Long-term remissions in metastatic malignant melanoma following chemotherapy and tamoxifen maintenance.

It is remarkable that patients 1 and 2 developed progressive disease under tamoxifen maintenance (after 17 and 7 months, respectively), but remained in complete remission following local therapy (exstirpation of a kidney metastasis and an adrenal body in patient 1; irradiation of the lumbar spine, the sacrum and the right humerus in patient 2) and continuation of tamoxifen therapy. Four out of these 6 patients had liver metastases, usually indicating a particularly poor prognosis. 2 of them (patients 1 and 2) have shown a continuous complete remission for 16 and 13 years, respectively. Up to now, to our knowledge, there has been only 1 case published with a continuous complete remission of liver metastases for 10 years (following vindesine and interferon) [1]. As potential action mechanisms of tamoxifen in malignant melanoma, induction of apoptosis and inhibition of angiogenesis [2], inactivation of the insulin-like growth factor-1 receptor [3], or inhibition of tumor cell invasion and metastasis through suppression of the PKC/MEK/ERK and PKC/PI3K/ Akt pathways [4] have been discussed.

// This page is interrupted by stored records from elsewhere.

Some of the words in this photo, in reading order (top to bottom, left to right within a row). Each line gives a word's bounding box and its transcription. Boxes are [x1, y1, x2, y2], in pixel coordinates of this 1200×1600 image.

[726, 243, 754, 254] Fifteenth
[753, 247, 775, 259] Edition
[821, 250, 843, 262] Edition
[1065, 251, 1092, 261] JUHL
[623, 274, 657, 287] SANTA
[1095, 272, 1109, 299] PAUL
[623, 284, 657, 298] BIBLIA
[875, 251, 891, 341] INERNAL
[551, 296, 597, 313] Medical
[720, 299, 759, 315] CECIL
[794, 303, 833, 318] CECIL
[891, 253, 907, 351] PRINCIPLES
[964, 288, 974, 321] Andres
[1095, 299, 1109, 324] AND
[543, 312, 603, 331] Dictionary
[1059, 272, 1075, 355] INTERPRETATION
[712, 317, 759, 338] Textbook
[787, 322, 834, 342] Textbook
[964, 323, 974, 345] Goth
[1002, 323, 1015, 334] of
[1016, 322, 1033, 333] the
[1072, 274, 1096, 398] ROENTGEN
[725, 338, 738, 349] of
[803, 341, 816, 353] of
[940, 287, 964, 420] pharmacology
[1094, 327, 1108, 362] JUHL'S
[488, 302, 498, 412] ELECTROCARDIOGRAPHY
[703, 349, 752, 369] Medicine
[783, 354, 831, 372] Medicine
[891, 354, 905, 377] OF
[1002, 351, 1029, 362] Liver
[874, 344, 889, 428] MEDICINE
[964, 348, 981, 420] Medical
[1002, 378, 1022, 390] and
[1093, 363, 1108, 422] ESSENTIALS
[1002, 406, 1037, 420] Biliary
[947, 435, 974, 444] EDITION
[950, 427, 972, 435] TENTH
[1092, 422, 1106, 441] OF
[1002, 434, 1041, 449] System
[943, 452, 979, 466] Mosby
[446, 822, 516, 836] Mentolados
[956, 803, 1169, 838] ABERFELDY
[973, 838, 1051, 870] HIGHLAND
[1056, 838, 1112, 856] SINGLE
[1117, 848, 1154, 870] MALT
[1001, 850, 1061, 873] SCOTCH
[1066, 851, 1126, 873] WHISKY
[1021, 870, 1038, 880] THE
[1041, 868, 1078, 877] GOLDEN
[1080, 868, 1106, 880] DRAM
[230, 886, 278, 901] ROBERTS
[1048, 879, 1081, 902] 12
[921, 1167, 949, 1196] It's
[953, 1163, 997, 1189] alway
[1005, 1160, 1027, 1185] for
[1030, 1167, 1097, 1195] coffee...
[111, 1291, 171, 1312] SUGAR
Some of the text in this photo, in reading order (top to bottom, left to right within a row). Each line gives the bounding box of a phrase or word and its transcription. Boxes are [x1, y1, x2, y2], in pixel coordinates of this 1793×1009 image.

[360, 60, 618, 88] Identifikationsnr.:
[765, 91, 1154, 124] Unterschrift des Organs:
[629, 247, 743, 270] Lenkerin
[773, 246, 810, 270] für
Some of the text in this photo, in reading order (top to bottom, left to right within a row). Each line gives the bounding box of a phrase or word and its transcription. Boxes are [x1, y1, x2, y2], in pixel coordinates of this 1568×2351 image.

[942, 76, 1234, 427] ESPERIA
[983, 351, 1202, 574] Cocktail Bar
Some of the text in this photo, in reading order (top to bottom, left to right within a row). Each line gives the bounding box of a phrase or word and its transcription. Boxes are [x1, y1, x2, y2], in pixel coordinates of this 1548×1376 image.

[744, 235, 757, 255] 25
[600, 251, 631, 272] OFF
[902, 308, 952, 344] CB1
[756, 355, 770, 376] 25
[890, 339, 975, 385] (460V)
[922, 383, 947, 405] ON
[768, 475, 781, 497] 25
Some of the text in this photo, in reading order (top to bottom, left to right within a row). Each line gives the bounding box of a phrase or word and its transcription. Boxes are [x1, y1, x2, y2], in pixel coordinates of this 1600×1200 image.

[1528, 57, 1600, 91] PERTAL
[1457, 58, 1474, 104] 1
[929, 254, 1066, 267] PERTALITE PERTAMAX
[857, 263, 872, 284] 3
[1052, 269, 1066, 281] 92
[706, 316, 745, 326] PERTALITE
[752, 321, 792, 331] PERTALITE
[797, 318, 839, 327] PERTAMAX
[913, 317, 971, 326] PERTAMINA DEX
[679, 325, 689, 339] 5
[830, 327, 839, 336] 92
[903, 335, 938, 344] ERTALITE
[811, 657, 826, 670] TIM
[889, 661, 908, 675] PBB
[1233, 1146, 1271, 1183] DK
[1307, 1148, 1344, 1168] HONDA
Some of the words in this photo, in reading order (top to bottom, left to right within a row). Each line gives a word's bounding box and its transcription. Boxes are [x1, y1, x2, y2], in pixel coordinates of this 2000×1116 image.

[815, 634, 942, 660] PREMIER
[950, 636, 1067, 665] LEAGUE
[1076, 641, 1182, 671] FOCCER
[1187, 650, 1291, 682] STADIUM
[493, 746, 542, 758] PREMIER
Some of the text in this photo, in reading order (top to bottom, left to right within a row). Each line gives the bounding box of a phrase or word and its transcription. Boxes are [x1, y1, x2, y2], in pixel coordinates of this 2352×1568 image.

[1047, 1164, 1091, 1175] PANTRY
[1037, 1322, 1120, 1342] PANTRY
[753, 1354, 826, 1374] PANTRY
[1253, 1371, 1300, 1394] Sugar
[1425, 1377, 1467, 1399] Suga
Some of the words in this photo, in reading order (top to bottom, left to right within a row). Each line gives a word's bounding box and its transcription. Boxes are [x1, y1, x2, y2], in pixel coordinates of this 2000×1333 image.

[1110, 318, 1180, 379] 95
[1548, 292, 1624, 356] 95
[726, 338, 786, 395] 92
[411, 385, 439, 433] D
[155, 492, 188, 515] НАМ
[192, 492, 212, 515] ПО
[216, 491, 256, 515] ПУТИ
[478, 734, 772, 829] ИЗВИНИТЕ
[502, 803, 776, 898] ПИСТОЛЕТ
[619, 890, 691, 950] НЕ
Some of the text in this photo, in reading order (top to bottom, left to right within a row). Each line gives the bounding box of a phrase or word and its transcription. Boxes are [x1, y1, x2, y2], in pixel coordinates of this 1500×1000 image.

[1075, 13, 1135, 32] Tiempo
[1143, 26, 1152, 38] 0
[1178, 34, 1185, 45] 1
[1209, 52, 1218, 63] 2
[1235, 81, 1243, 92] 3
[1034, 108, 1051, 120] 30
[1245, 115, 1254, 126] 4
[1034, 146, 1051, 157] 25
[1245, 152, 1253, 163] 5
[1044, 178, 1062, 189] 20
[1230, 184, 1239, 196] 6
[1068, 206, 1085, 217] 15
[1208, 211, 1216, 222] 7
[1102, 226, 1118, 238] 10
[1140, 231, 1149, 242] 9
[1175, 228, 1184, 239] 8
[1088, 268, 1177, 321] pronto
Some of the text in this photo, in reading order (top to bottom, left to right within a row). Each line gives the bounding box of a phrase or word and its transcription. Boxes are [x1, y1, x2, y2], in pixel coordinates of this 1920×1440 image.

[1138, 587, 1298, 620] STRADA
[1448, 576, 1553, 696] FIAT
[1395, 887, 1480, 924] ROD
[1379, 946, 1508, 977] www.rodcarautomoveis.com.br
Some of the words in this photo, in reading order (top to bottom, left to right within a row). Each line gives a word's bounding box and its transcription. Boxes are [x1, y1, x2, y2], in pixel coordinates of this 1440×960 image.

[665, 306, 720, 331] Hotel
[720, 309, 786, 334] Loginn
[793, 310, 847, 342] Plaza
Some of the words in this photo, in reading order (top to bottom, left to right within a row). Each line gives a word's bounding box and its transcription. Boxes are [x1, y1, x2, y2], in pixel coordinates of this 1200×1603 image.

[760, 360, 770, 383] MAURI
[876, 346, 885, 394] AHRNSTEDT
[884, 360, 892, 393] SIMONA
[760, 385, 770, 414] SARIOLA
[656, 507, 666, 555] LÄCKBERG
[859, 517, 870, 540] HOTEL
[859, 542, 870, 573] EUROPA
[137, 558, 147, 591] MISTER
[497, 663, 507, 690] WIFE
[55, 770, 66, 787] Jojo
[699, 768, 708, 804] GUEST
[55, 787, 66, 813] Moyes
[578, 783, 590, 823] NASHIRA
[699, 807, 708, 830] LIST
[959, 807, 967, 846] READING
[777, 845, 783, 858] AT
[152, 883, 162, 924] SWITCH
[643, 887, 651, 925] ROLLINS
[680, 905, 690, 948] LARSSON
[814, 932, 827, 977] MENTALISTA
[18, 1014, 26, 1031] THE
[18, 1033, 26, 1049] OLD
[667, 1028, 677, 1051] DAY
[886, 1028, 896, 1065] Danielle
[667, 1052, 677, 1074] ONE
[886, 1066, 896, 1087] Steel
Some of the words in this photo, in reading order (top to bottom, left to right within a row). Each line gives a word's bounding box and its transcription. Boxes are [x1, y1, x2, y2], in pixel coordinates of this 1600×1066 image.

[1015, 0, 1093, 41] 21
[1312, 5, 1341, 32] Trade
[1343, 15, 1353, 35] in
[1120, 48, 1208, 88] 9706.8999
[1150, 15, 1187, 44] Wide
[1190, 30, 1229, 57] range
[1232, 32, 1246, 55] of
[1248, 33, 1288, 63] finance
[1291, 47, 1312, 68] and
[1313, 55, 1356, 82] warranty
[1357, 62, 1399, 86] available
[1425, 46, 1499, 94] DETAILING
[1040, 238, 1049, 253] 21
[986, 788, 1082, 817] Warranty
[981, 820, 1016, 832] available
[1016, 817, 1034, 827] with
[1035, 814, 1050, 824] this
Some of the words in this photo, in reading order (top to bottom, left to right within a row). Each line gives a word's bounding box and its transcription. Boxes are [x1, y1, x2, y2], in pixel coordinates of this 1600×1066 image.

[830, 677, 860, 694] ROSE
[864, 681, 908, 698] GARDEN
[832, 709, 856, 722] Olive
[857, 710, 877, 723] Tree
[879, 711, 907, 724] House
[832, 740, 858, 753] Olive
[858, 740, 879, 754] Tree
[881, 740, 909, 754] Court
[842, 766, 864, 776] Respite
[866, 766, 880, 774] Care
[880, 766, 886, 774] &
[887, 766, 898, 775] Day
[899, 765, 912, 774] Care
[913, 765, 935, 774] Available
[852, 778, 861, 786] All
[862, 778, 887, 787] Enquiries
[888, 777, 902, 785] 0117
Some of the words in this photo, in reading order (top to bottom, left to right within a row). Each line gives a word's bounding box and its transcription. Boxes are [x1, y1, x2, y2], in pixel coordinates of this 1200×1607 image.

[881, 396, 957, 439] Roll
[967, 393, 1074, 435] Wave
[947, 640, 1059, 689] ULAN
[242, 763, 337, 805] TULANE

Tamoxifen monotherapy in metastatic melanoma has been reported to induce remissions in about 5% of the patients, in some cases after progression of the disease in the first months of therapy [5]. In combination with chemotherapy, tamoxifen failed to exert an additional therapeutic effect in most studies [6]. But, to our knowledge, no results are published about tamoxifen maintenance following chemotherapy. Given the good tolerability and low costs of the drug, it would be worthwhile to start a clinical trial with a larger number of patients to investigate the potential of tamoxifen maintenance in metastatic malignant melanoma, if possible.